Referring expression grounding data
/---

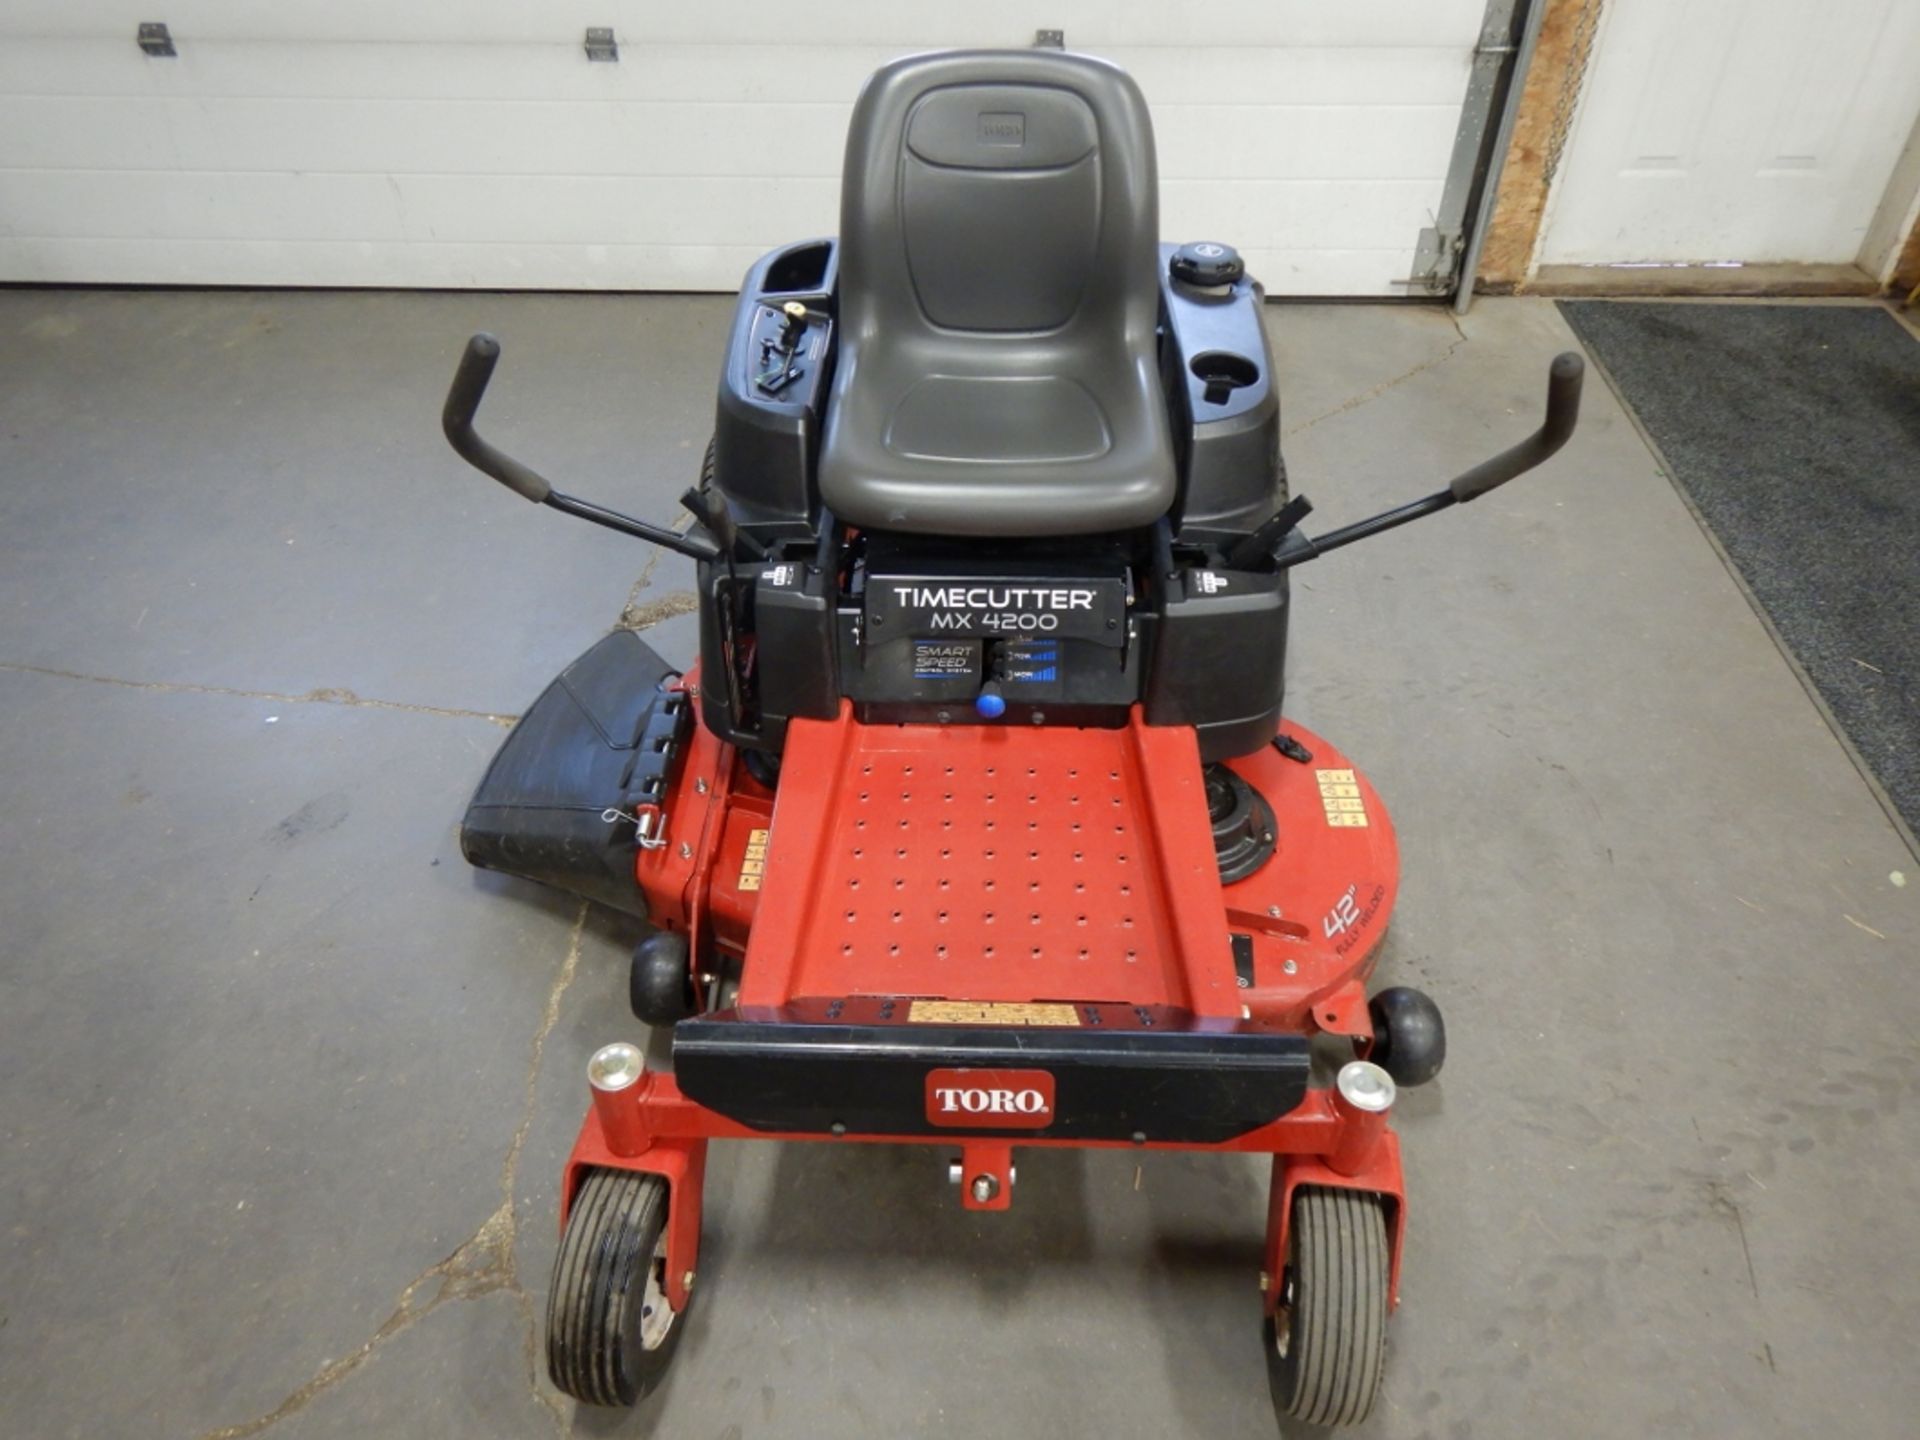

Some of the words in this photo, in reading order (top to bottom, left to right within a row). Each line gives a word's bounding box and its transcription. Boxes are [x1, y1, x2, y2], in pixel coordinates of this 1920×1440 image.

[930, 613, 972, 629] MX
[981, 613, 1058, 630] 4200
[916, 646, 973, 656] SMART
[916, 657, 966, 667] SPEED
[936, 1089, 1045, 1113] TORO
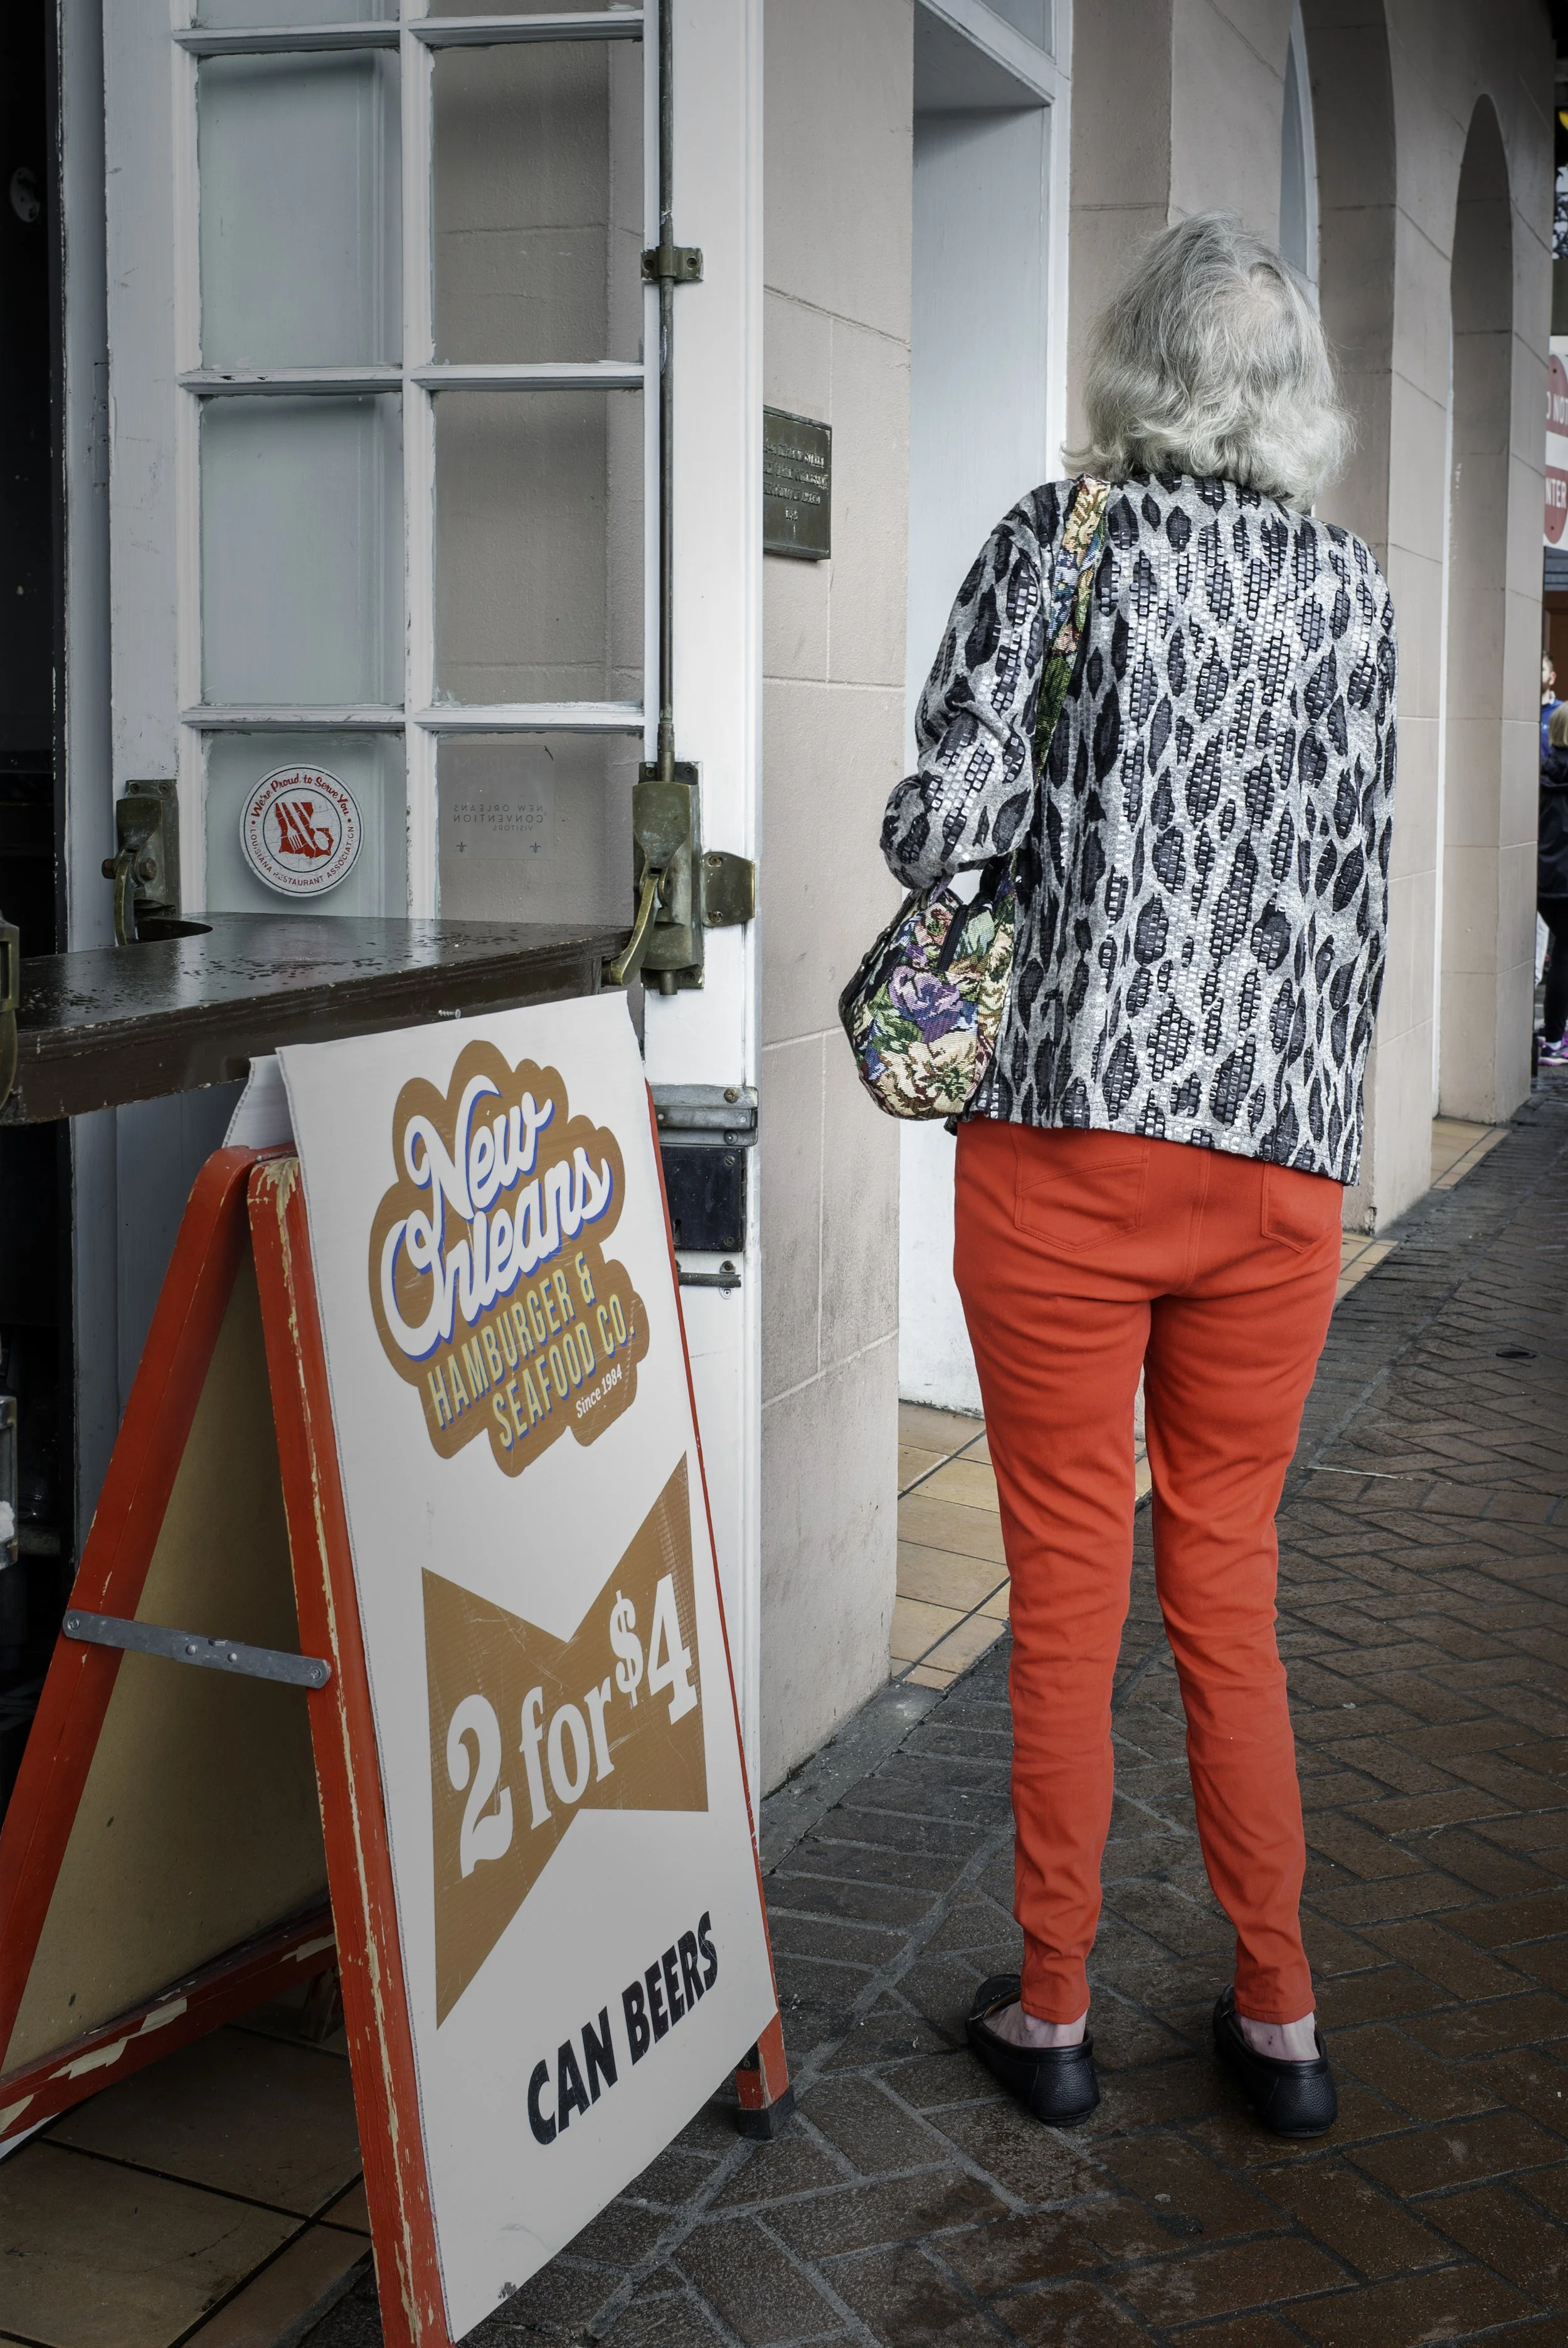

\---

**Aim of the exercise**
Pictures are to be left out; repeat all the remaining data exactly.

**Reply**
Some of the words in this photo, in reading order (top to bottom, left to right within a row). Each line gives a word's bounding box and its transcription. Boxes are [x1, y1, x2, y2], in pixel coordinates of this 1920×1440 image.

[930, 613, 972, 629] MX
[981, 613, 1058, 630] 4200
[916, 646, 973, 656] SMART
[916, 657, 966, 667] SPEED
[936, 1089, 1045, 1113] TORO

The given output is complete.